• THE TASK
The entries are to be returned exactly, with images left out.

[EXERCISE INPUTS — start]

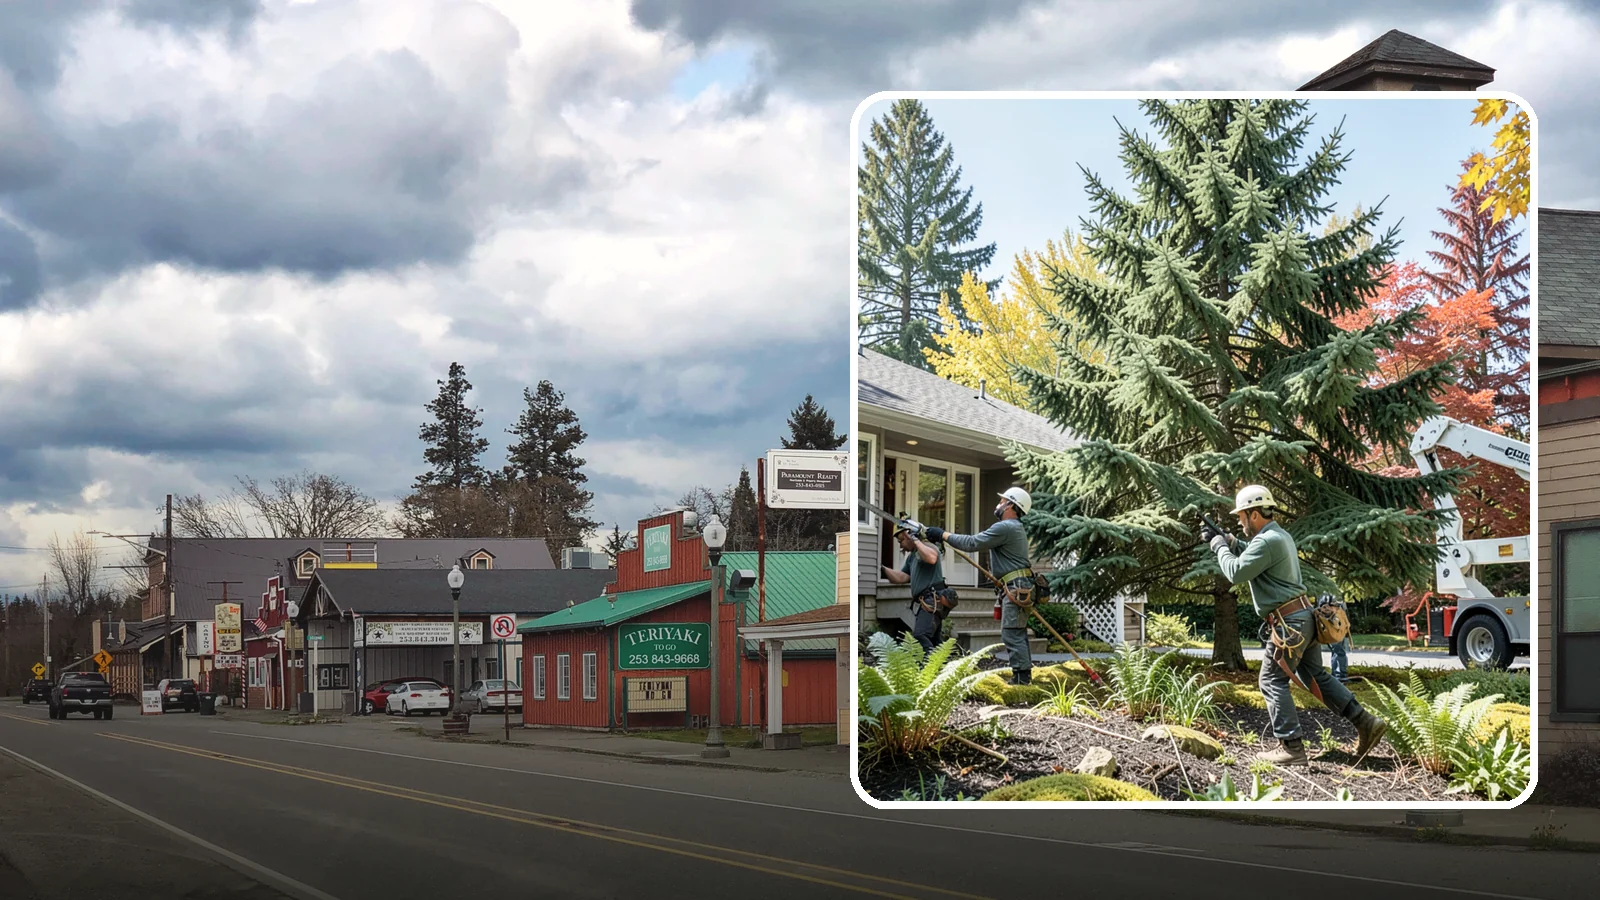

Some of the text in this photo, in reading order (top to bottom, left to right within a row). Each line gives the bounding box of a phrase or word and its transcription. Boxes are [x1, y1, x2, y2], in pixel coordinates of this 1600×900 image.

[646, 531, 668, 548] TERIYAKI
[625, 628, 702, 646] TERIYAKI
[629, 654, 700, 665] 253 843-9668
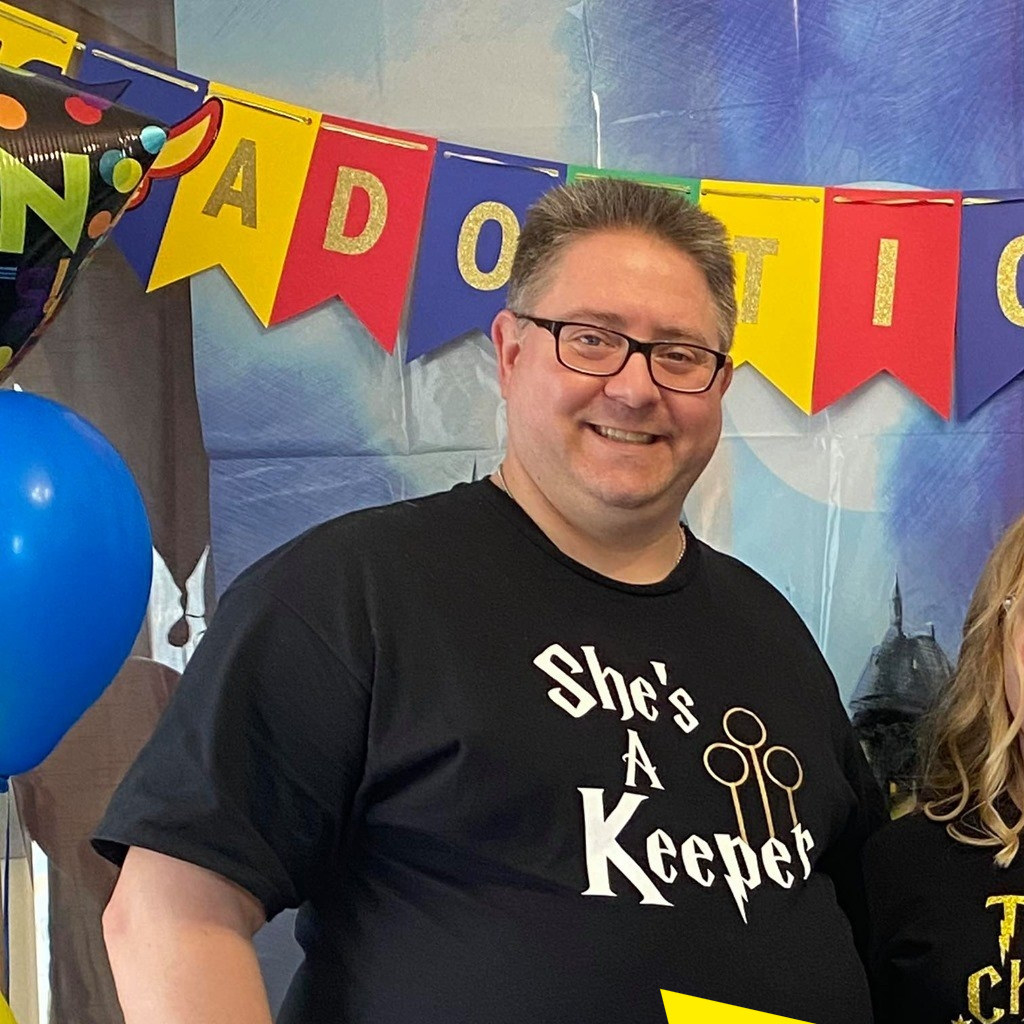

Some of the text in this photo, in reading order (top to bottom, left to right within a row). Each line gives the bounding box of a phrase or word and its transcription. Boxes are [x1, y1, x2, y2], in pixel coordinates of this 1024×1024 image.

[EXERCISE INPUTS — finish]

• SOLUTION TO THE PROBLEM
Some of the text in this photo, in reading order (top to bottom, left to right within a row). Each line gives the bounding box of a phrase or word and its transcription. Boxes are [x1, y1, x2, y2], in pixel coordinates of this 1600×900 image.

[646, 531, 668, 548] TERIYAKI
[625, 628, 702, 646] TERIYAKI
[629, 654, 700, 665] 253 843-9668

Some of the text in this photo, in reading order (top to bottom, left to right within a row). Each line gives the bounding box of a phrase or word and its transcription. Boxes are [x1, y1, x2, y2], in pixel coordinates of this 1024×1024 image.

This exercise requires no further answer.